Four CSV files contain outputs and evaluation scores from experiments described in the paper 'MLLM-as-a-Judge for Financial Document Image Machine Translation'. The dataset likely includes translations generated by Gemma models, scores assigned by a judge model, and its reasoning. Yanco Amor and Torterolo Orta published this data via e-cienciaDatos Harvested Dataverse on June 14, 2026.
Use Cases
- Benchmarking translation quality based on scores from a multimodal LLM-as-a-judge.
- Comparing zero-shot versus fine-tuned model performance for financial document translation.
- Analyzing the impact of oracle-guided self-refinement on translation outputs.
- Studying the reasoning and justification process of an automated evaluation model.
Strengths
- Contains outputs from four distinct model configurations, including fine-tuned and oracle-guided variants.
- Includes scores and reasoning from a dedicated judge model (google/gemma-4-26B-A4B-it).
- Data originates from a published research paper with a defined experimental methodology.
Limitations
- Column-level documentation is absent; field semantics must be inferred after download.

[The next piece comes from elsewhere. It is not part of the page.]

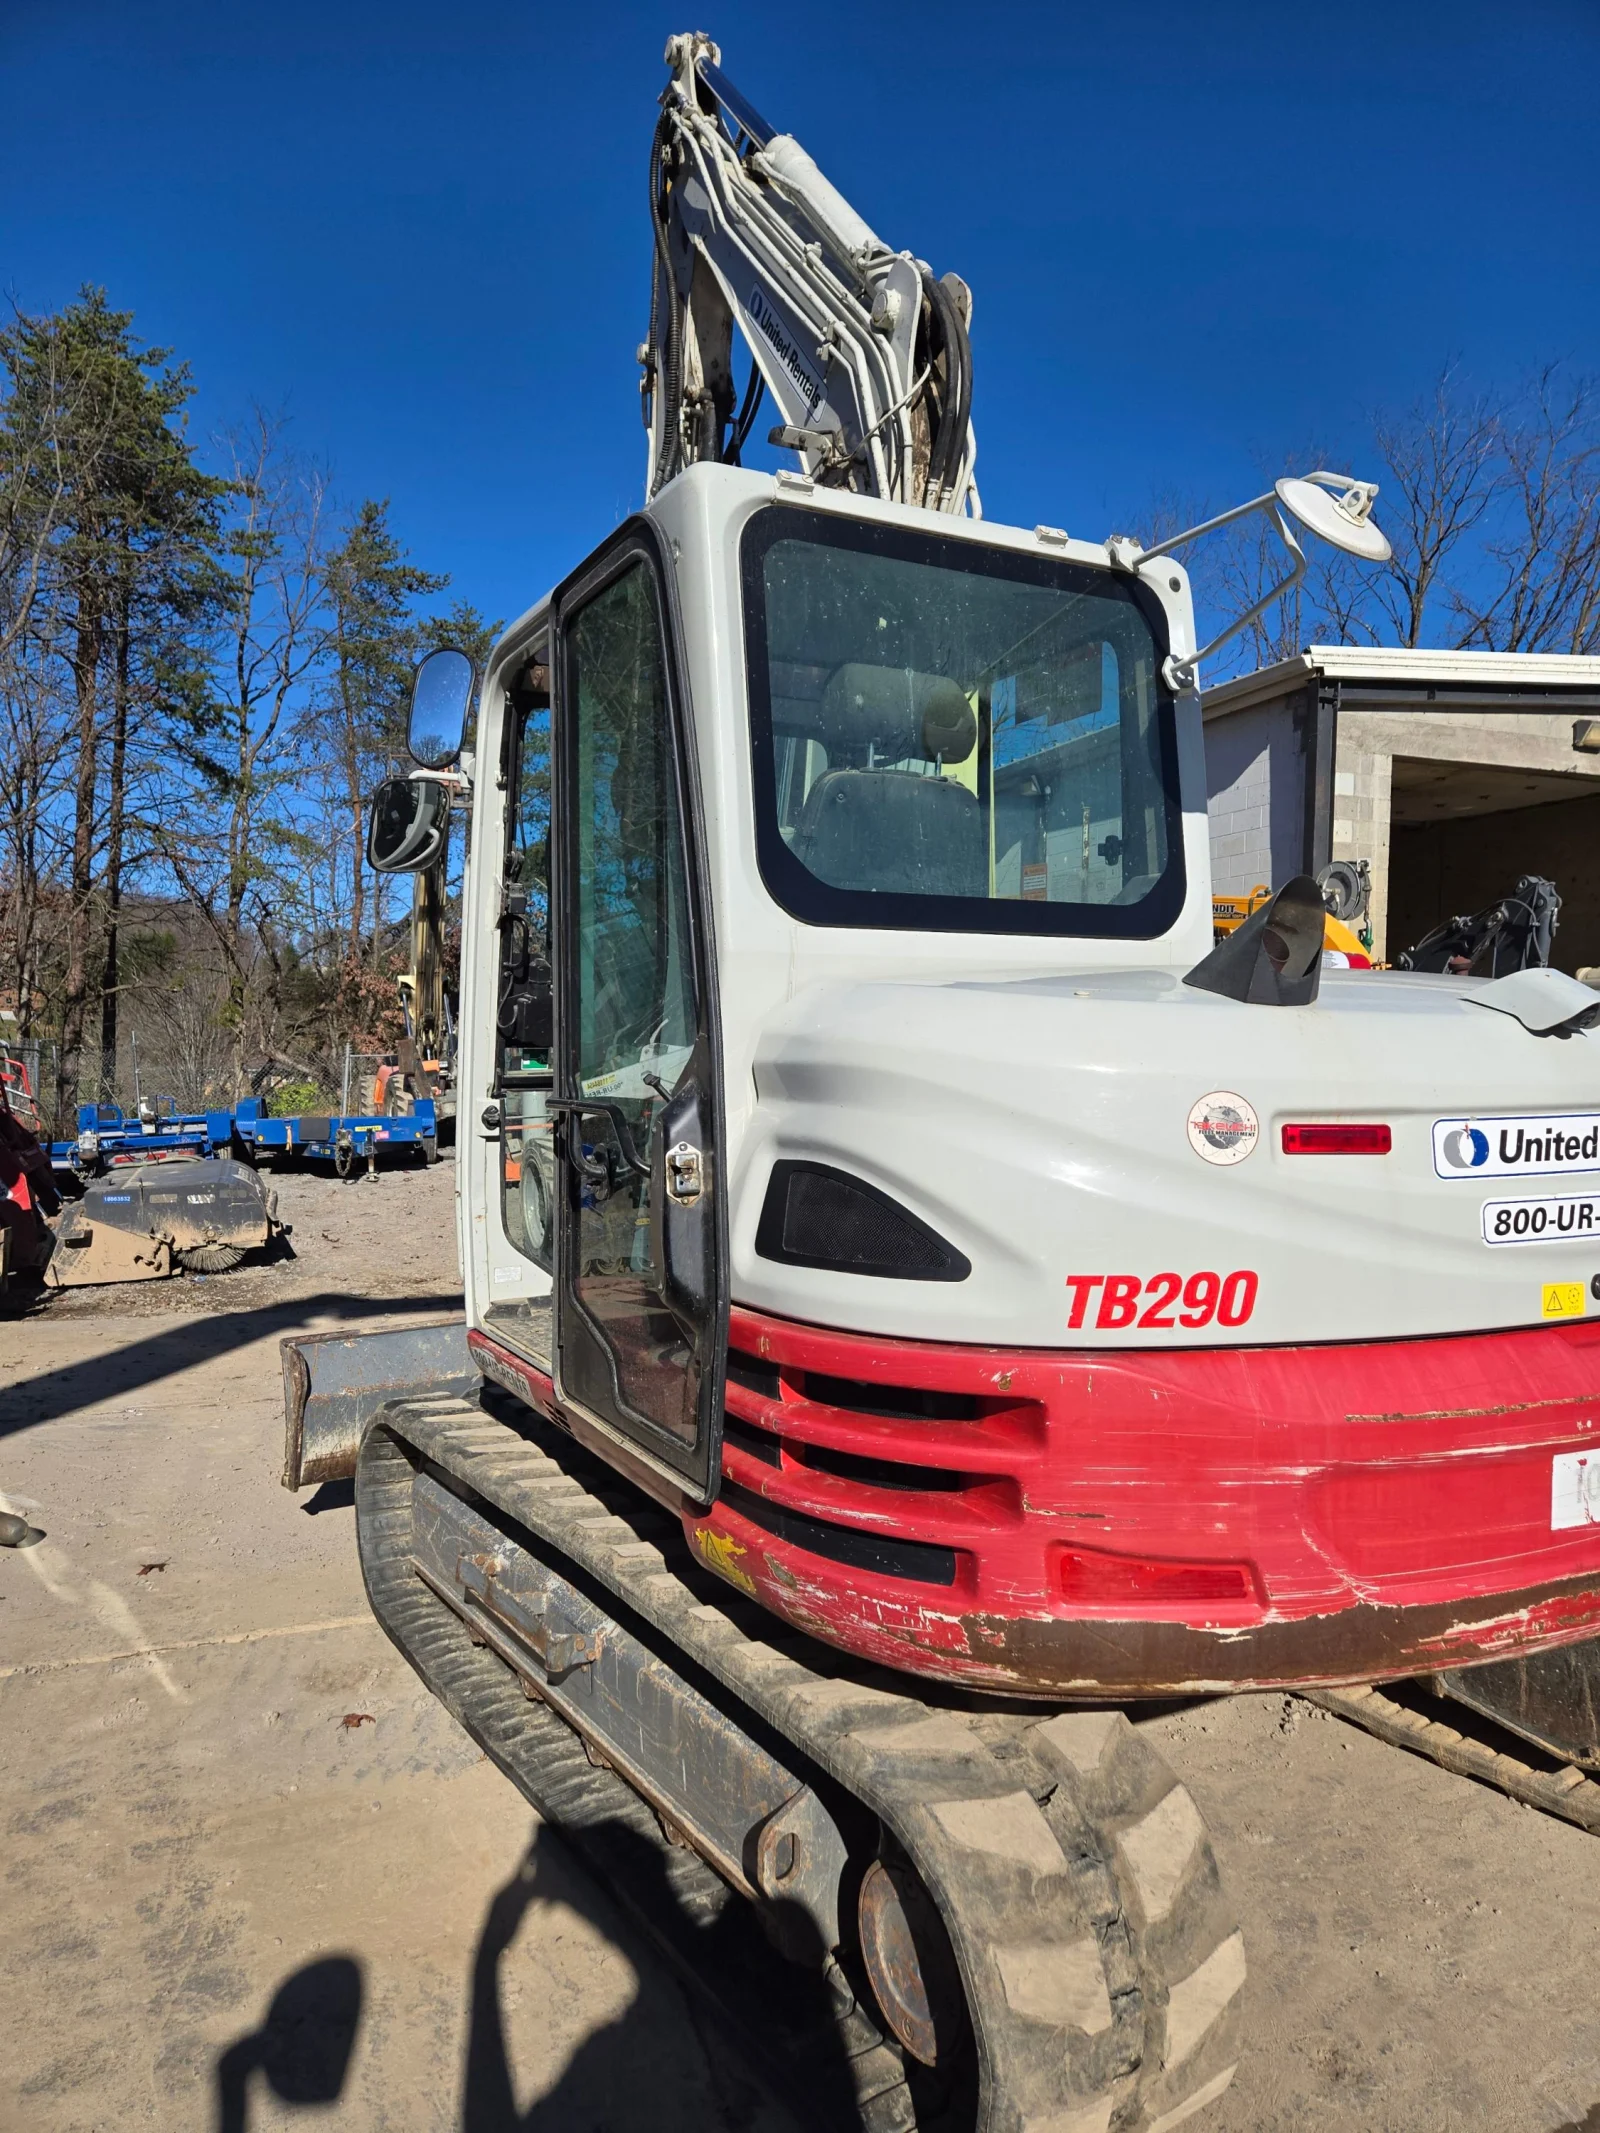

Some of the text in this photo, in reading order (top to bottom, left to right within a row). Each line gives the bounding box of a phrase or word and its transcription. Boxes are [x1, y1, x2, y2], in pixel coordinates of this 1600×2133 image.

- Row count is unknown, which may limit suitability assessment.
- The dataset scope is limited to financial reports from IBEX 35 companies.
Provenance
- Source
- e-cienciaDatos Harvested Dataverse
- Collection Method
- Generated as part of the experiments for the paper 'MLLM-as-a-Judge for Financial Document Image Machine Translation'.
- Freshness
- Last updated 2026-06-14 04:10:12; freshness should be verified.